Read Lottery Online

Authors: Patricia Wood

Lottery (31 page)

I hear a shudder. I feel it vibrate through me as Cherry bends down to kiss Keith’s cheek. I hold Cherry tight with my arm and with my other hand brush Keith’s hair off his forehead like he used to do to me.
“Your fucking hair’s in your eyes, Per.” That is what he used to say. “You look goofy. You look goofy, Per.”
“You don’t look goofy, Keith,” I say. “You don’t.” And my voice cracks.
I have never heard a sound like the one that Cherry is making. It is like her soul flying out. I shut my eyes tight because they are wet again.
It is harder than Gramp. Harder than Gram. Harder than anything. When I open my eyes, Cherry is being sick on the floor. She cannot stand and Gary helps me carry her back to the car.
We go to Everett General Hospital emergency room. The same place I got my arm fixed after I got beat up.
“Can we do something for her?” Gary asks the clerk at the counter.
“Please? Can’t you do anything? Give her something?” he asks the doctor.
They give Cherry a shot and a bottle of sadness pills.
I did not know you could get pills for sadness. It was something I did not know.
When we get back to the apartment, we lay Cherry down on the bed. Gary takes off her shoes, and covers her with Gram’s blanket. I stand and watch her lying there. My heart is breaking. I feel it breaking like Yo’s windshield. My heart has disappeared. It is gone. I want it back, but it has left with Keith.
“Stay with her, okay? I’ll get Sandy.” Gary hugs me and goes downstairs. I hear the engine of his Jeep rumble as he drives away. I am alone with Cherry.
Gary or Sandy would know what to do. What to say. I do not know what to do or say.
I drop to my knees next to the bed. There are black streaks of mascara over Cherry’s cheeks. Her eyes are open but her breathing is deep and slow.

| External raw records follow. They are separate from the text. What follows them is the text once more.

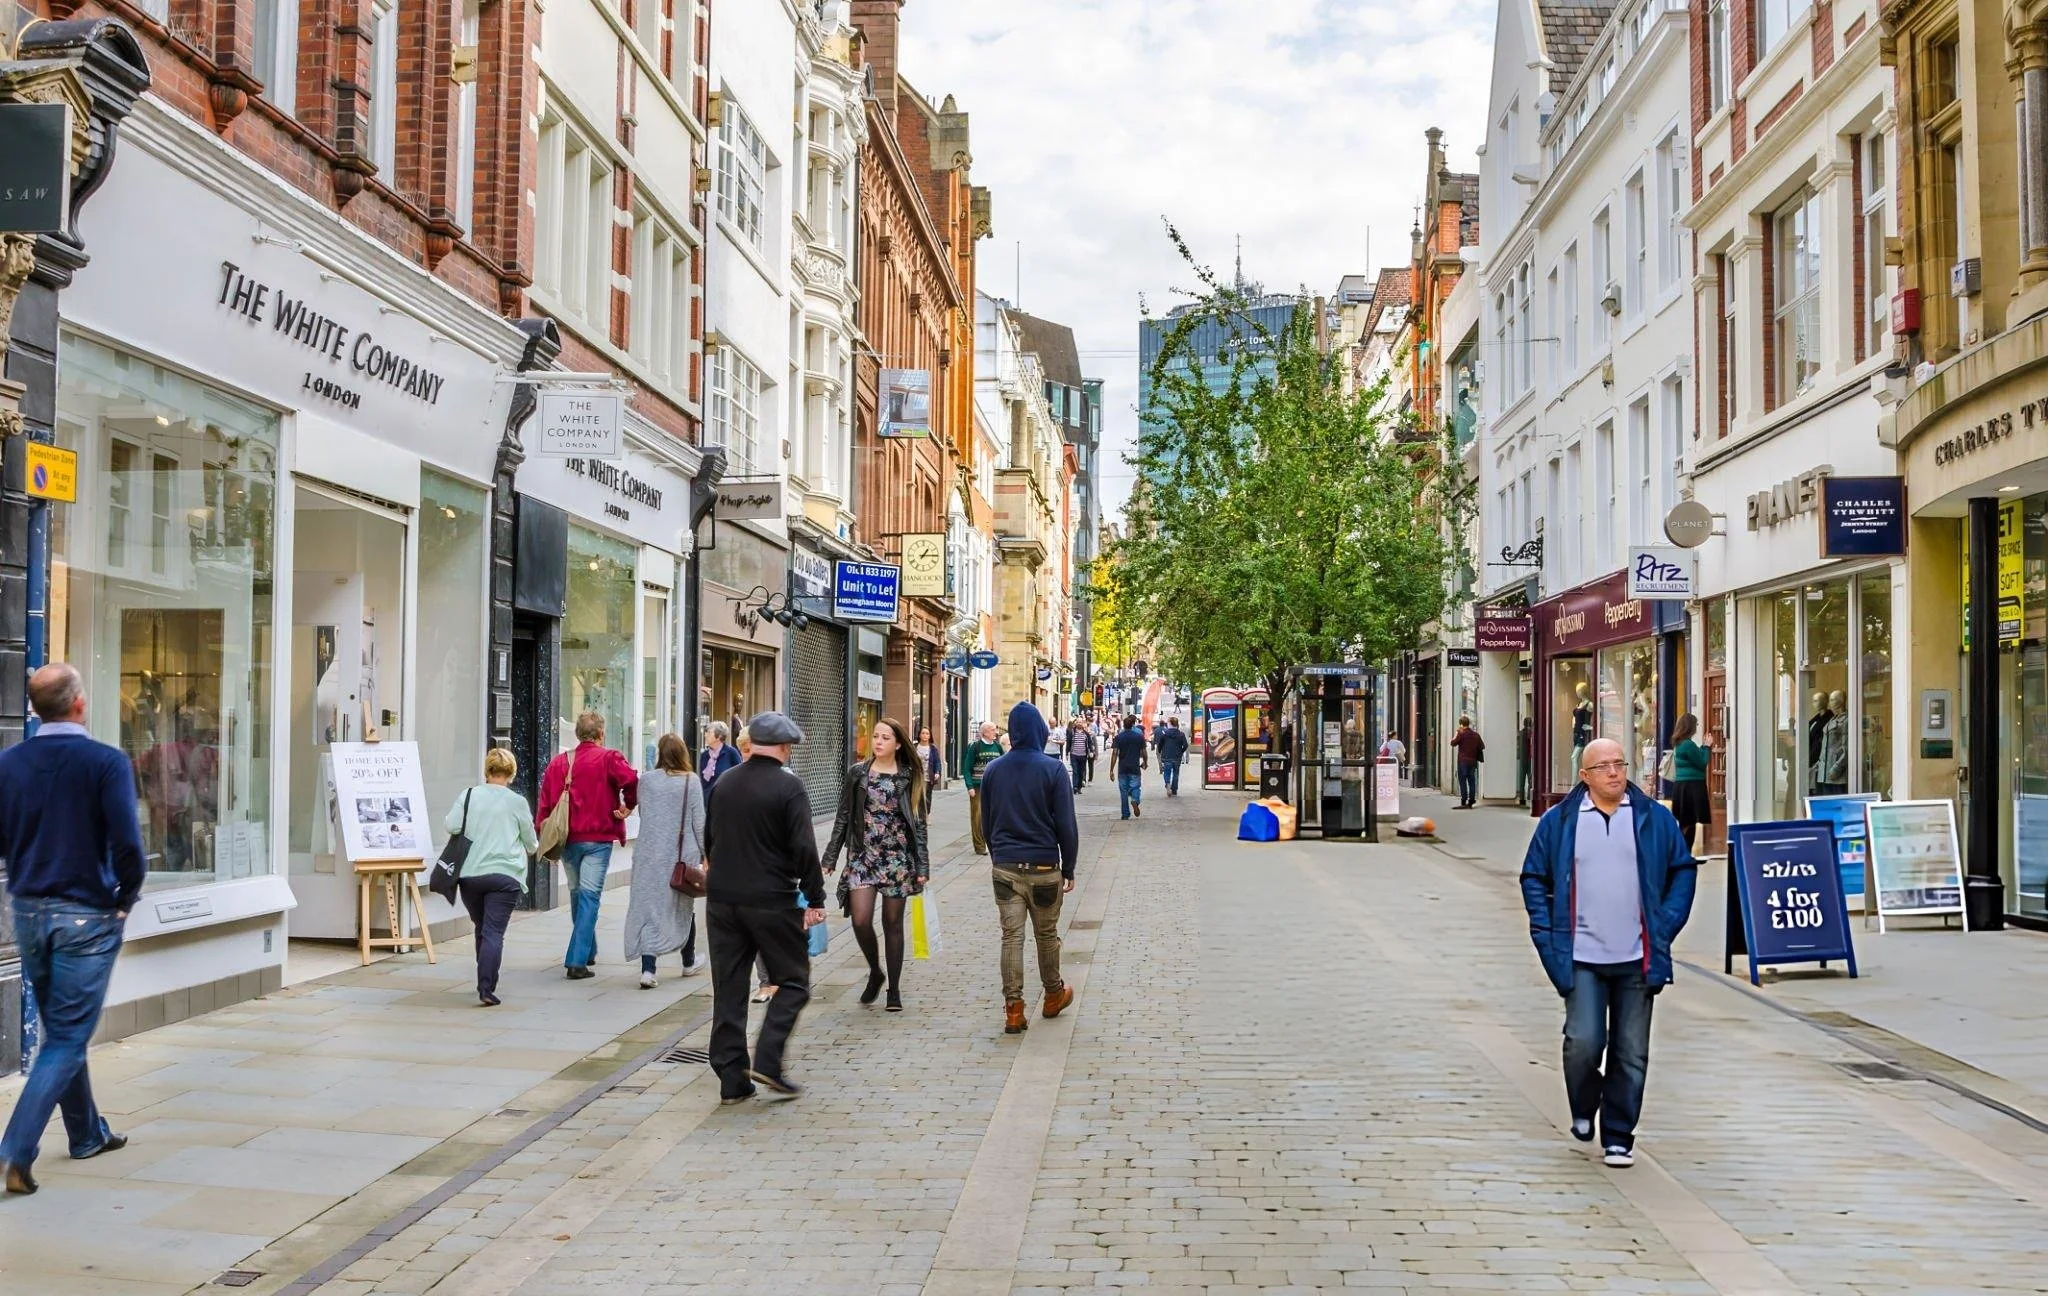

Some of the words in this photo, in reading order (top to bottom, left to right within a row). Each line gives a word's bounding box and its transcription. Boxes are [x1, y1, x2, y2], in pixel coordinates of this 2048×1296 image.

[219, 260, 269, 321] THE
[274, 289, 348, 360] WHITE
[352, 332, 444, 405] COMPANY
[302, 372, 361, 409] LONDON
[569, 401, 592, 411] THE
[559, 415, 600, 425] WHITE
[547, 427, 610, 439] COMPANY
[1935, 411, 2013, 467] CHARLES
[566, 458, 585, 475] THE
[589, 459, 620, 491] WHITE
[621, 470, 663, 510] COMPANY
[604, 501, 630, 521] LONDON
[1833, 508, 1896, 516] TYRWHITT
[1671, 520, 1709, 528] PLANET
[865, 567, 879, 577] 833
[880, 569, 897, 579] 1197
[842, 580, 865, 593] Unit
[866, 582, 878, 594] To
[879, 584, 894, 596] Let
[1635, 582, 1688, 590] RECRUITMENT
[875, 600, 894, 608] Moore
[1604, 581, 1642, 630] Pepperberry
[1479, 621, 1527, 635] BRAVISSIMO
[1554, 603, 1585, 645] BRAVISSIMO
[1480, 635, 1526, 648] Pepperberry
[1313, 667, 1359, 675] TELEPHONE
[344, 757, 370, 765] HOME
[375, 756, 405, 765] EVENT
[351, 768, 374, 778] 20%
[377, 767, 403, 778] OFF
[1786, 887, 1821, 907] for

I hold her head in my hands. I pat it like Keith did, over and over. Her eyes turn to me. They ask a question with no words. They ask a question that I am unable to answer.
I can only say, “I’m sorry.”
“I’m sorry, Cherry,” I cry.
But her eyes just stare into space. They just stare.
I’m sorry,
I hear Gram say.
“We’re all so sorry,” the fishermen say.
“So sorry,” our suppliers say.
“We’re so very, very sorry,” everyone says.
54
D
iamond Girl
’s engine starts on the first try. BROOM! BROOM!

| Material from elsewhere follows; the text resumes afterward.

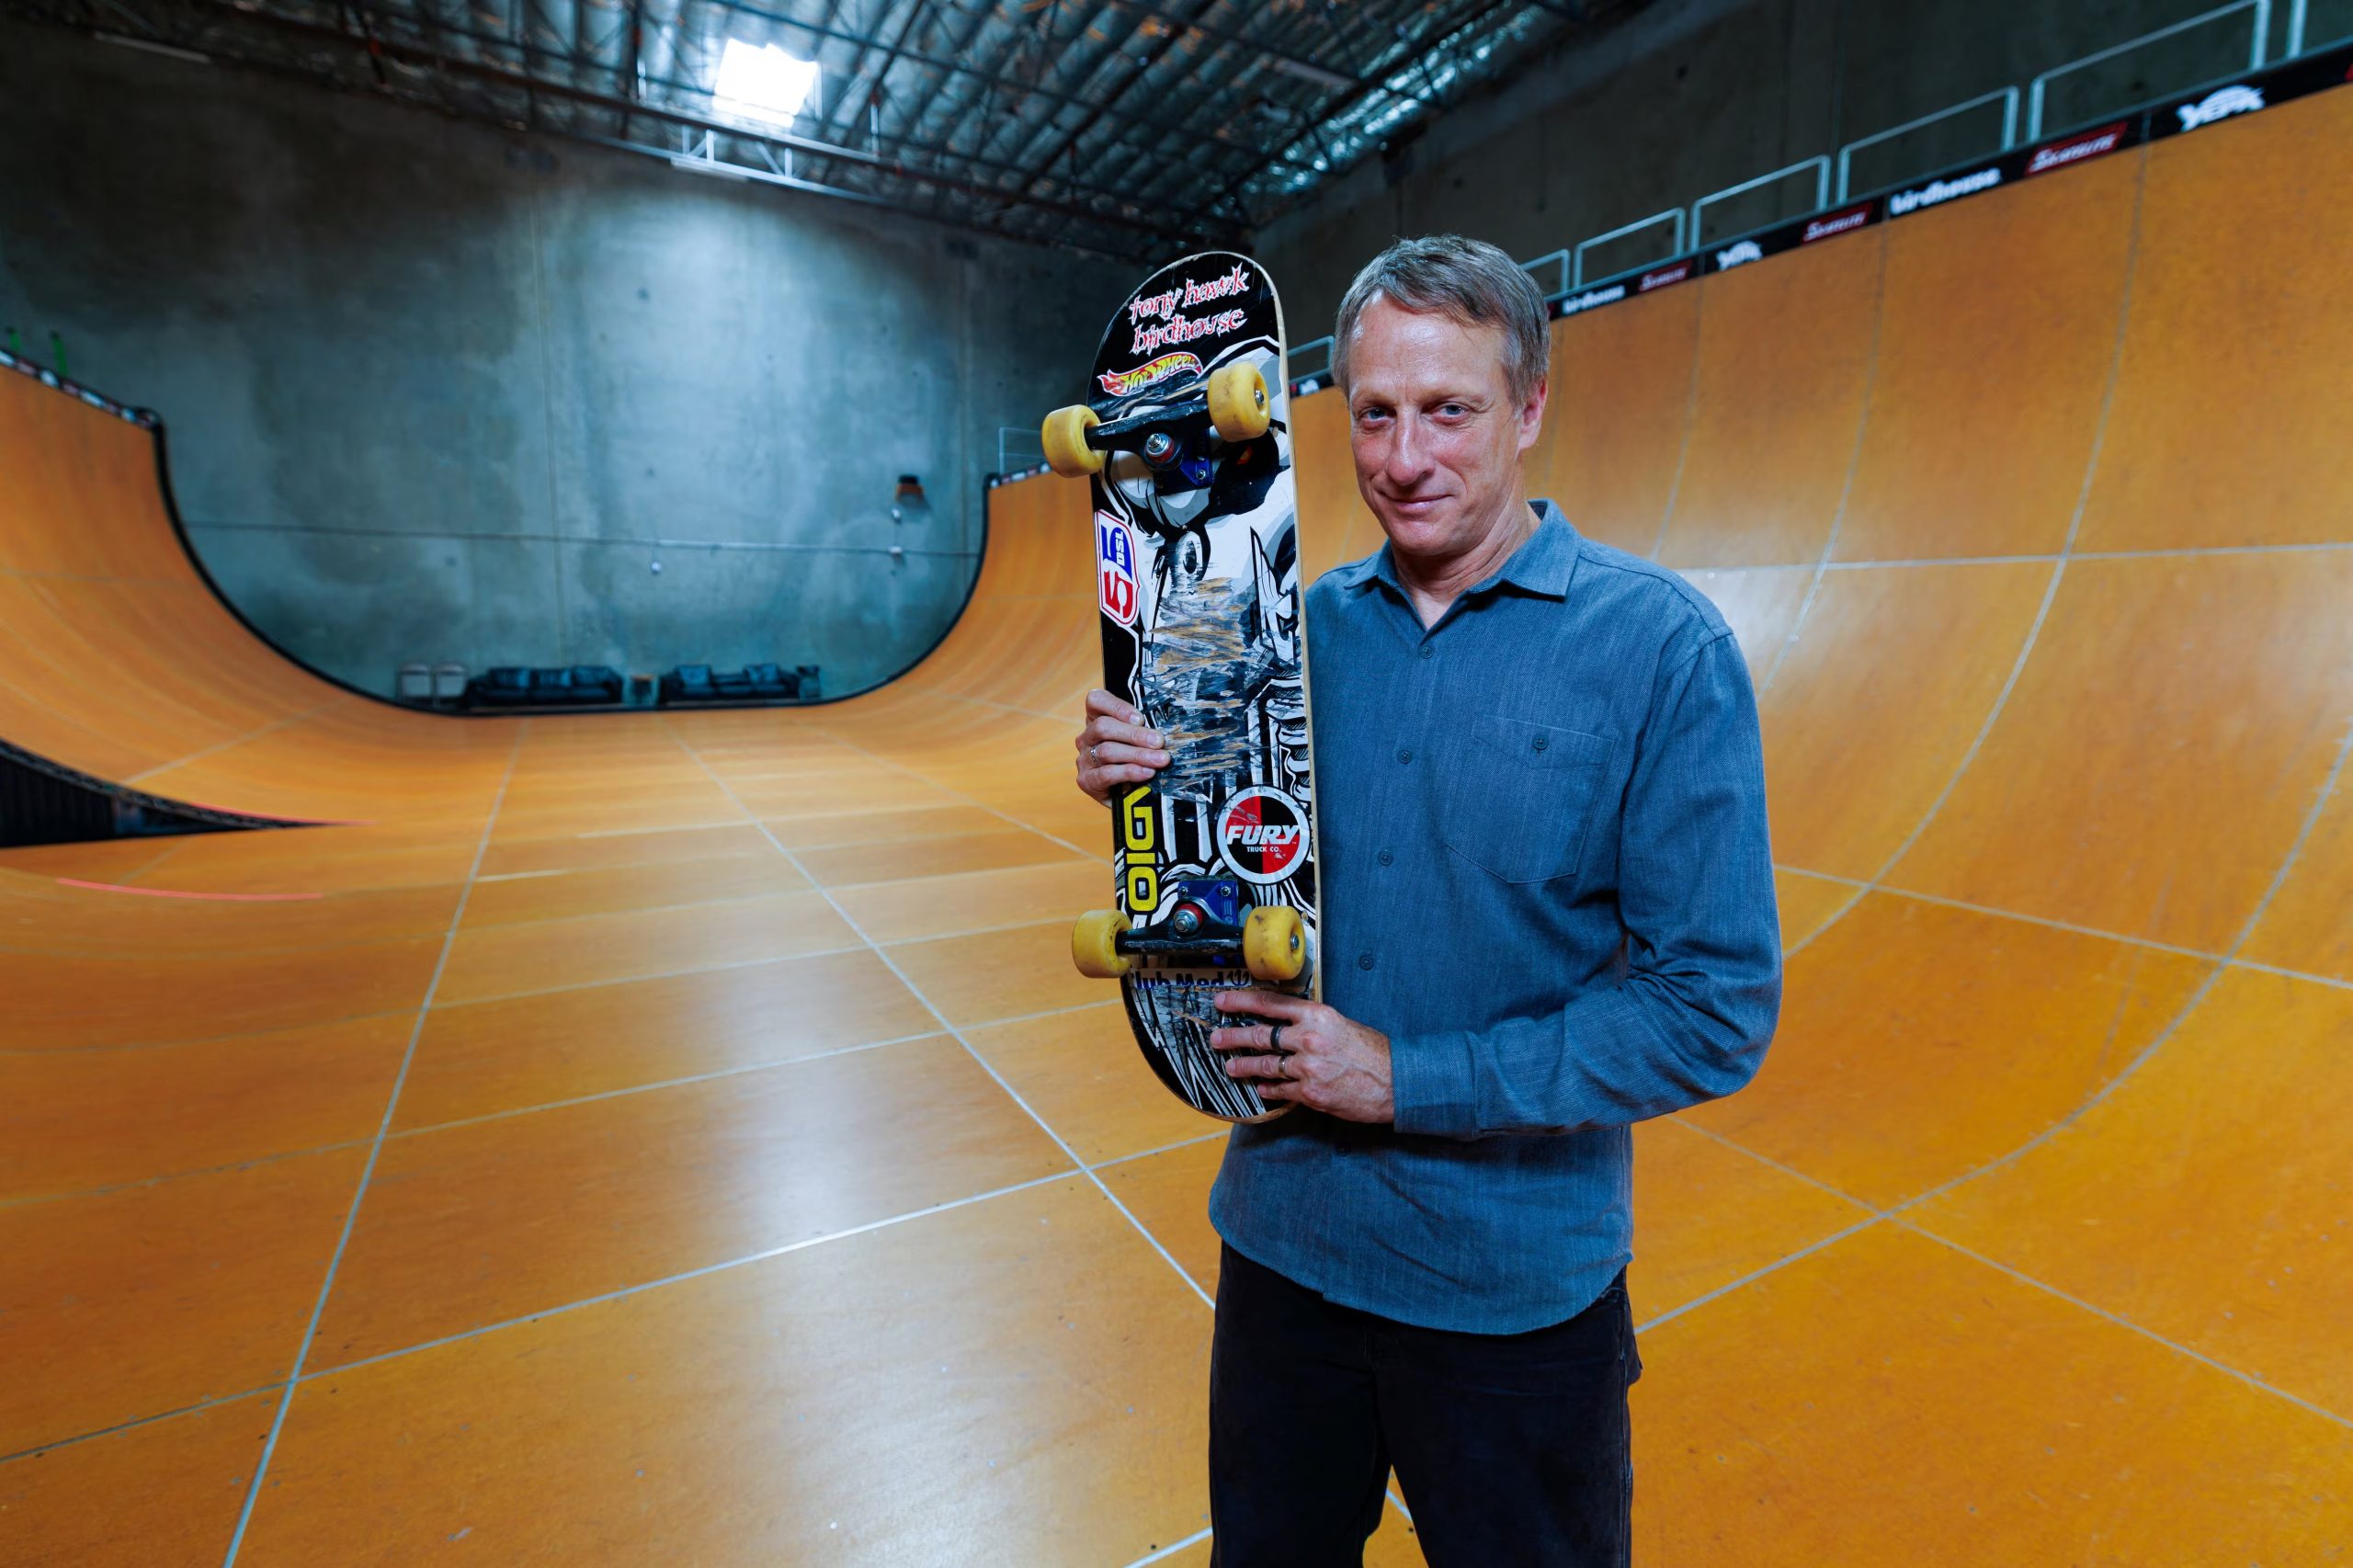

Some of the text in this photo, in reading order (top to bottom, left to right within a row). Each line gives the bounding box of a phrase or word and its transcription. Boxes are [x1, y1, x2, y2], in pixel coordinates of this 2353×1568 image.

I feel it shaking under my feet. I watched Keith take her out so often I knew I could do it myself.
I can do it myself, I think. I have no trouble casting off the lines. Gary’s family stands by helplessly and I tell them what to do. Where to sit. Cherry is beside me.
I hear Keith’s voice.
I could do it blindfolded.
I could do it with my head up my ass.
I could do it with one arm behind my back and jerk off at the same time.
Keith was crude and rude, Gram always said. She would laugh.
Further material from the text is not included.